Suzanne Stewart
Staff Writer
While creeks and streams were spilling out of their banks and into fields and roads in Pocahontas County Thursday, White Sulphur Springs received an estimated nine inches of rain, leading to one of the most devastating floods in West Virginia history.
Dunmore resident Richard Nottingham experienced the flood first hand, as he found himself stuck in White Sulphur Springs during the apex of the storm.
Nottingham was returning home from Beckley and when he left the Lewisburg Walmart around 4:30 p.m., he had no idea what he was heading toward.
“The interstate was wet, but no sign of flood or anything,” he said.
Rt. 60 was another matter.
“It was just real light rain and you’ve got a hump to come over, then you hit a straight stretch through there [near White Sulphur] and there were twelve to fifteen cars and pickups in a line going up through there. We were running through two or three inches of water on that straight stretch.”
In 100 yards, when Nottingham got closer to The Greenbrier golf course, the water went from two or three inches to a foot deep.
The front bumper of Nottingham’s car was picking up water and splashing it onto the windshield making visibility much worse than a regular rain storm. Making a swift decision between splashes, Nottingham turned off the road and headed to higher ground which more than likely saved his life.
“Just as soon as that water cleared from my windshield, there was a road right there and I had to cut hard to it,” he said. “There was a van following me on the main road. I pulled up behind a man sitting in his car and he jumped out and was pointing – I thought he was pointing at me – the water had taken that van off the road and was washing it down.”
The man tried to get Nottingham to go to the van, but Nottingham told him it would be suicide.
“I said, ‘that water washed that van over there, we can’t do anything with it,’” Nottingham recalled. (The man was rescued.)
Safe on the side road, Nottingham said he and others watched as debris, possessions and animals washed by them.
“I saw a chicken float by and a rabbit and a little ol’ fawn float out of the water to safety,” he said. “I watched for about an hour. Stuff was washing by – trash cans, propane tanks and a building, about an eight by twelve, floating.”
Nottingham went further up the road, turned and parked with his car pointing toward the main road. A man in a commercial truck drove by and told him to keep moving to higher ground because there was a possibility the nearby dam would overflow and send water down the road.
“Going up there, water was washing over the road banks in six or eight places, washing the bank off, washing rocks out in the road,” he said. “I was running over rocks and tree limbs to get up there. Finally I drove up to a man’s driveway – one of those multi-million dollar homes back in there – and I pulled up in his driveway. He had a good place to turn around and I backed up right to his garage door.”

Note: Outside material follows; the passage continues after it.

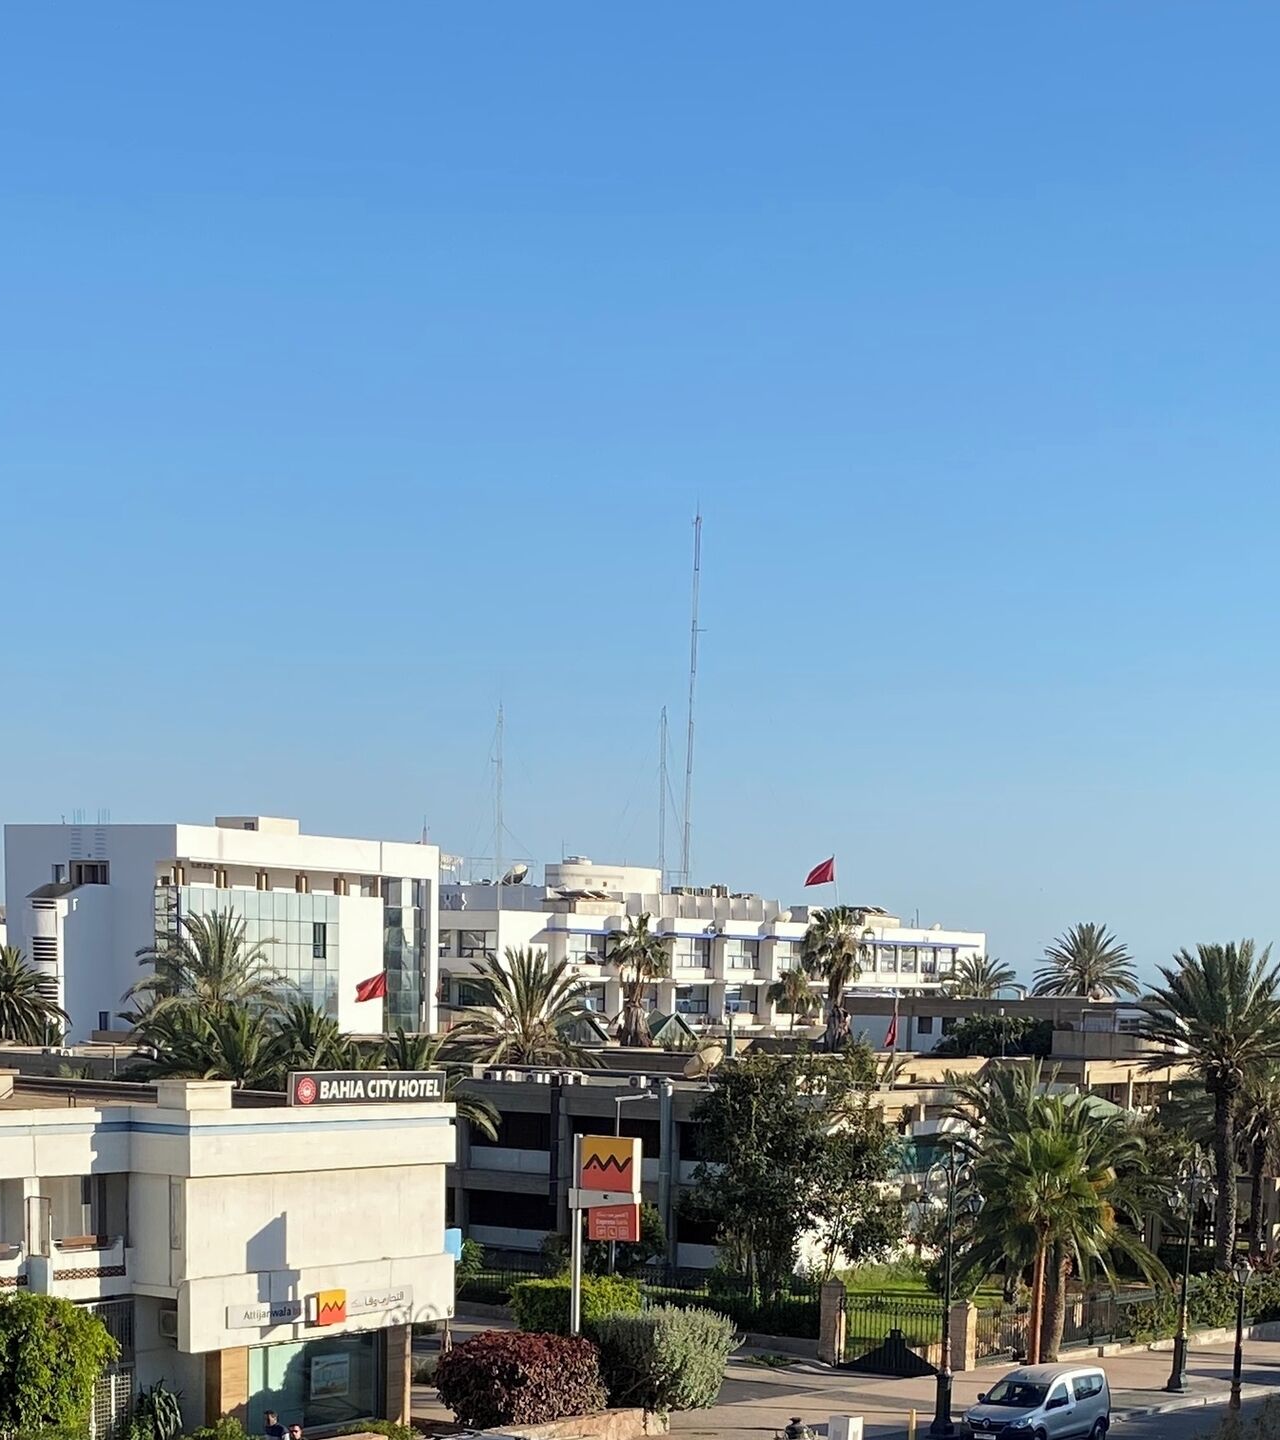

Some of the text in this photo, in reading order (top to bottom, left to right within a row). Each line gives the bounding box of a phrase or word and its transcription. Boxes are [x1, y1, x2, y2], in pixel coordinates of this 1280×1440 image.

[320, 1079, 440, 1099] BAHIA CITY HOTEL
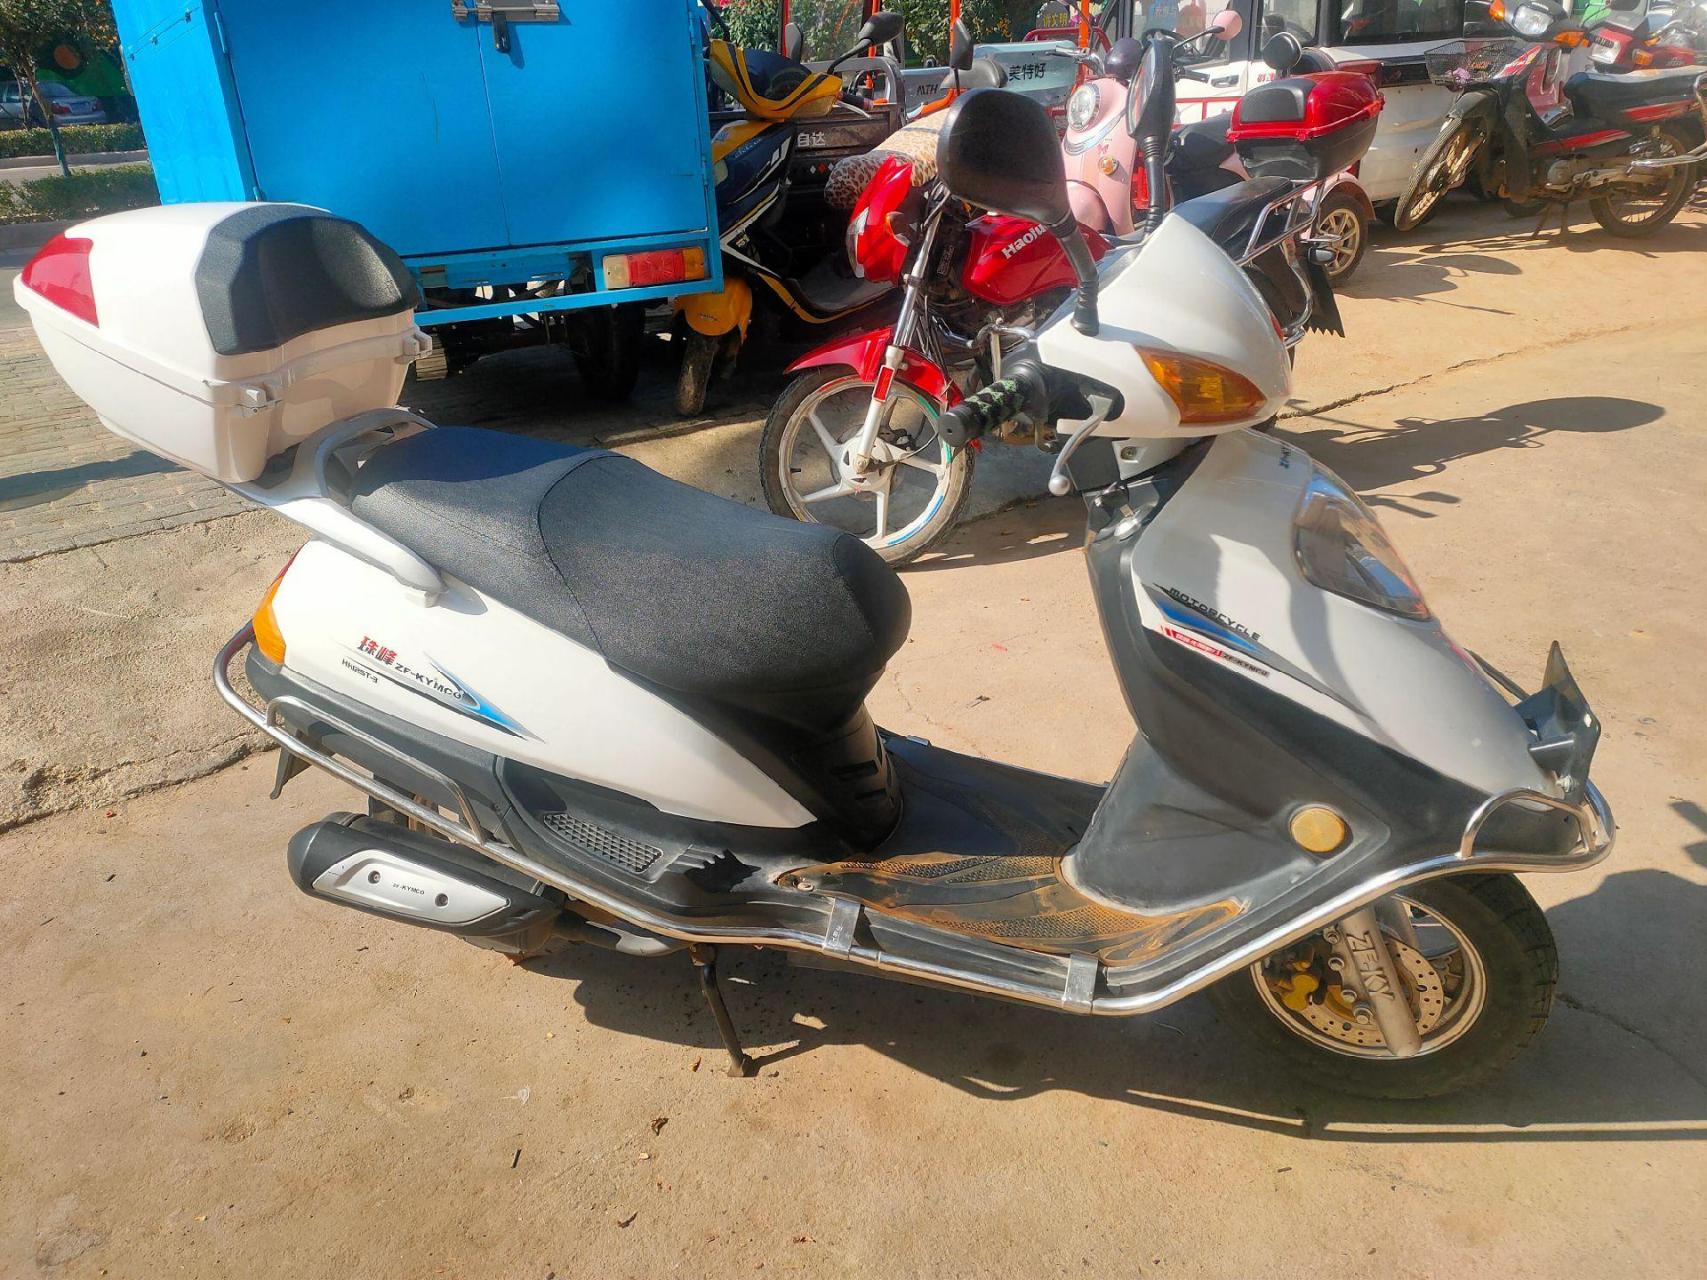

Nottingham settled in for the evening and watched the storm grow more aggressive.
“It started raining harder and the lightning – it was some of the brightest lightning – it would blind you in daylight,” he said. “It kept raining harder and harder, and that thunder was one crack after the other.”
Nottingham spent the night in his vehicle and by 6 a.m. Friday morning, he decided it was time to try to go home.
Leaving the driveway, he drove through debris, rocks and limbs, dodging large ruts caused by the waterfall of rain coming off the hill.
“I drug my car in three or four places and I came to a place where the stuff was piled up about three feet deep in the road,” he said. “I rolled a pretty good size rock out of the way. I turned up that main road toward White Sulphur and you couldn’t believe your eyes. When I went up on that mountain last night, there were ten or twelve cars that had been washed off the highway through there.”
The road was long and there was a lot of damage to see on the way, but Nottingham was able to safely return home.
“It was a long twelve hours there last night,” he said Friday. “I didn’t get very much sleep. Looking back on it, I was very lucky. I’ve seen two or three pretty bad floods, but this was the worst one. It has just destroyed White Sulphur.”